* What this task involves
With the images removed, repeat the data below exactly.

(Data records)
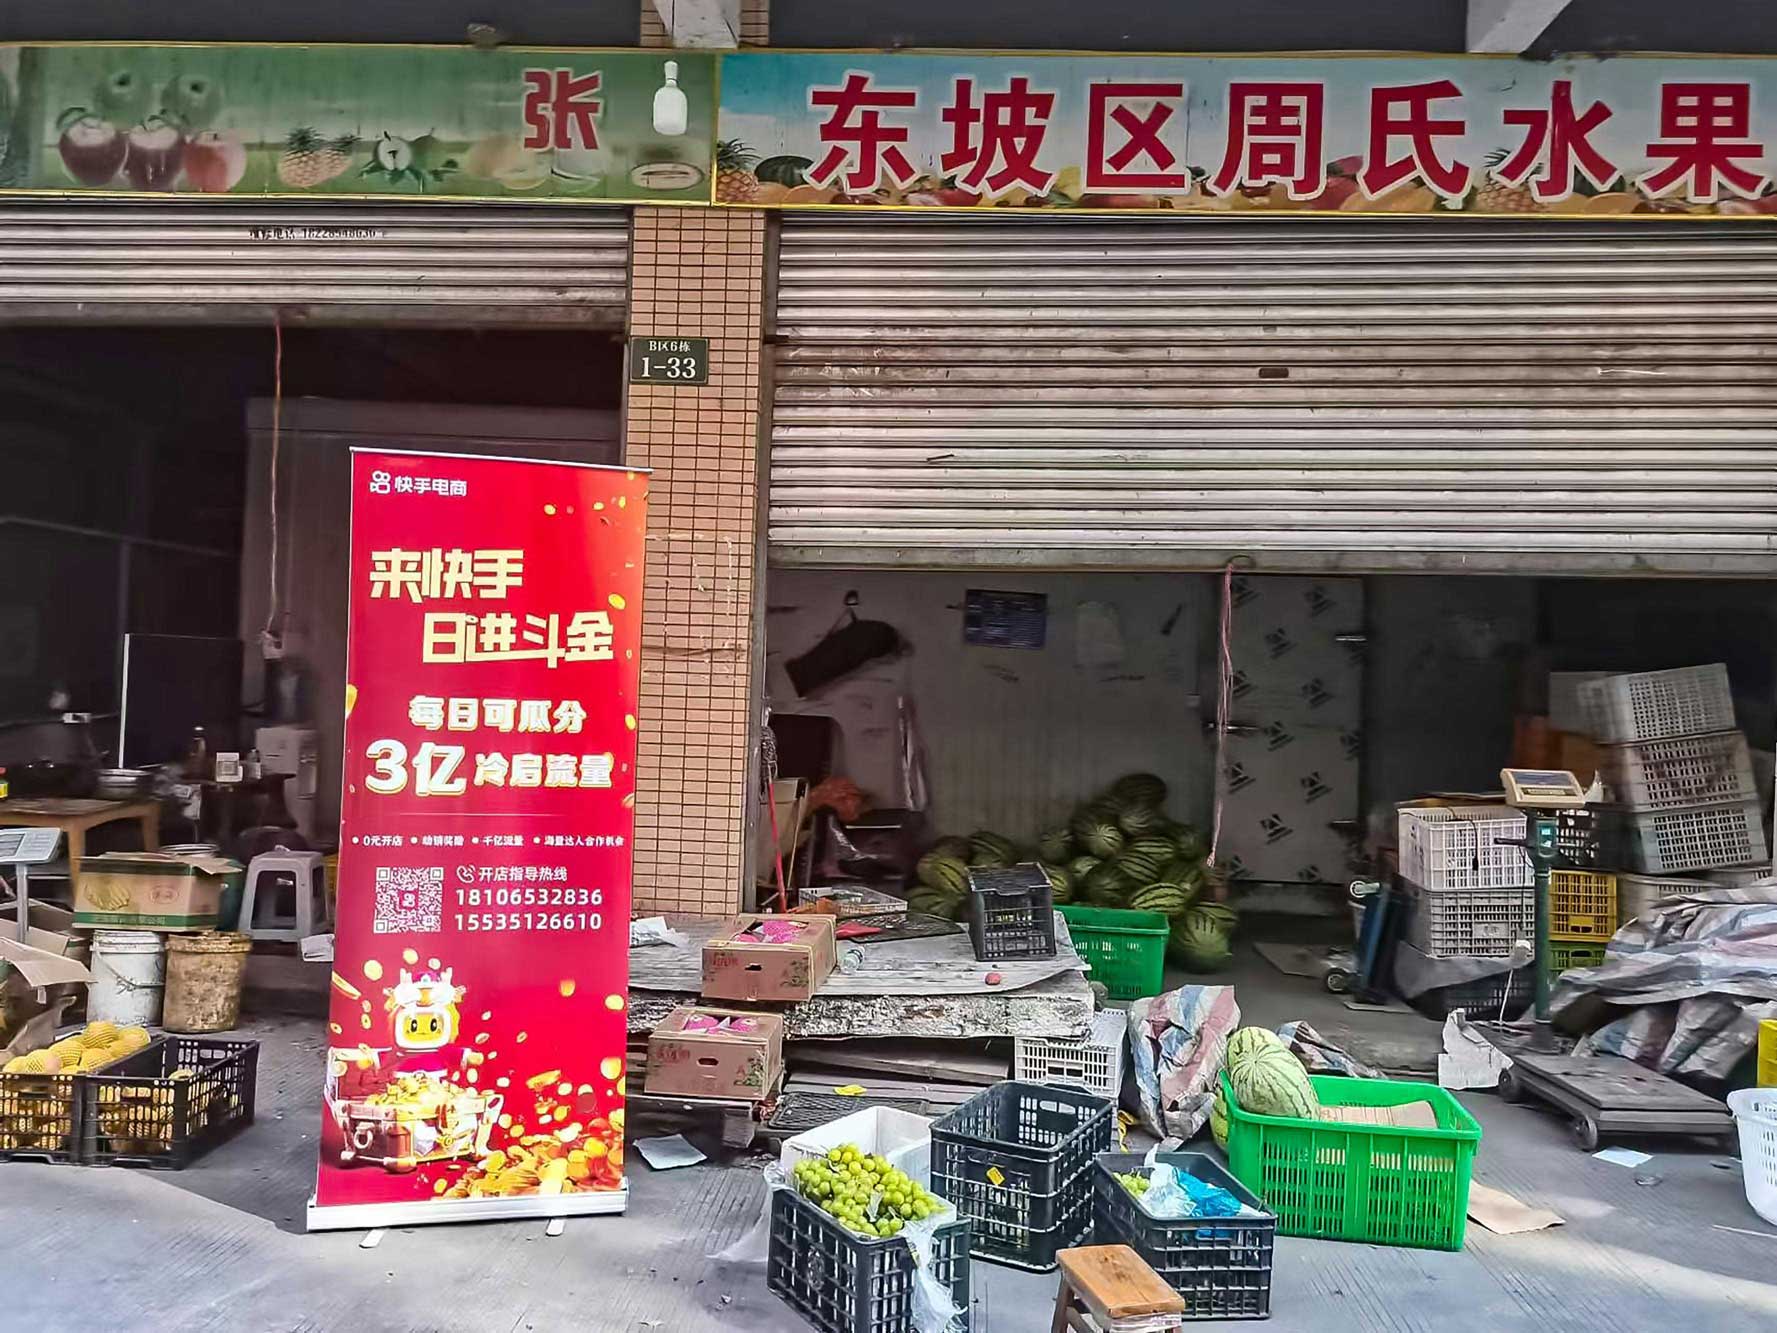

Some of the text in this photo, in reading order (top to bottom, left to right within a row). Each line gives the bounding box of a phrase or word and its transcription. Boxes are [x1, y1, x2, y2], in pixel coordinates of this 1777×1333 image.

[524, 71, 600, 149] 张
[809, 75, 1767, 197] 东坡区周氏水果
[649, 340, 691, 352] B区6栋
[641, 357, 696, 378] 1-33
[394, 475, 467, 497] 快手电商
[369, 547, 524, 604] 来快手
[422, 611, 614, 669] 日进斗金
[408, 694, 587, 734] 每日可瓜分
[363, 834, 403, 847] 0元开店
[483, 834, 524, 847] 千亿流量
[478, 865, 568, 883] 开店指导热线
[455, 887, 603, 906] 18106532836
[454, 912, 602, 931] 15535126610
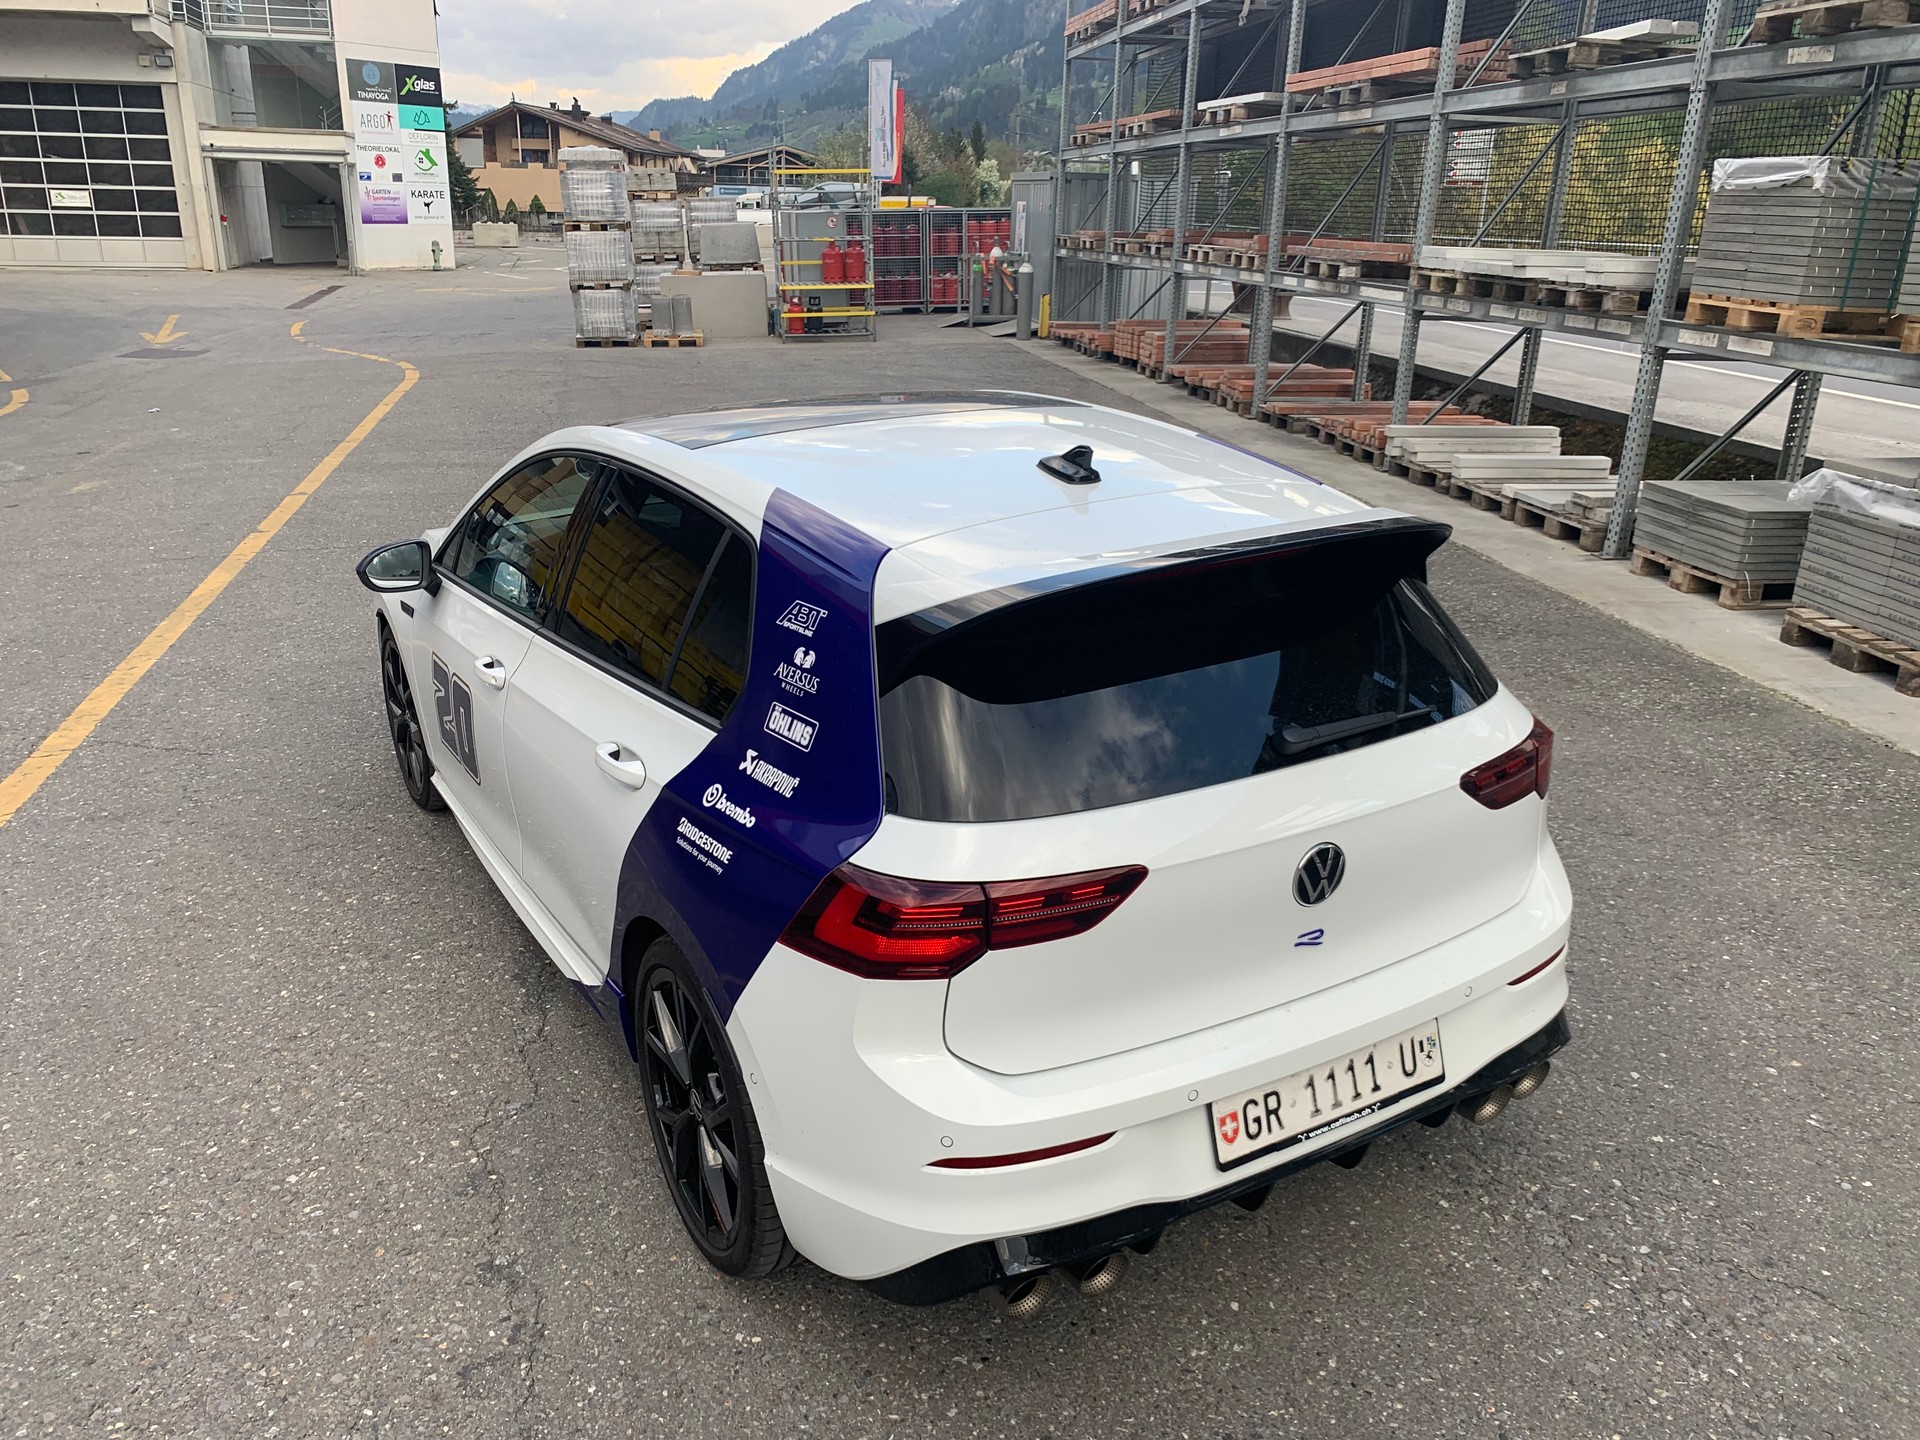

* Exercise answer
Some of the text in this photo, in reading order (top to bottom, left to right within a row). Each line gives the bounding box of a phrase or word and its transcription. Boxes are [x1, y1, x2, y2], in pixel coordinates of this 1777×1333 image.

[524, 71, 600, 149] 张
[809, 75, 1767, 197] 东坡区周氏水果
[649, 340, 691, 352] B区6栋
[641, 357, 696, 378] 1-33
[394, 475, 467, 497] 快手电商
[369, 547, 524, 604] 来快手
[422, 611, 614, 669] 日进斗金
[408, 694, 587, 734] 每日可瓜分
[363, 834, 403, 847] 0元开店
[483, 834, 524, 847] 千亿流量
[478, 865, 568, 883] 开店指导热线
[455, 887, 603, 906] 18106532836
[454, 912, 602, 931] 15535126610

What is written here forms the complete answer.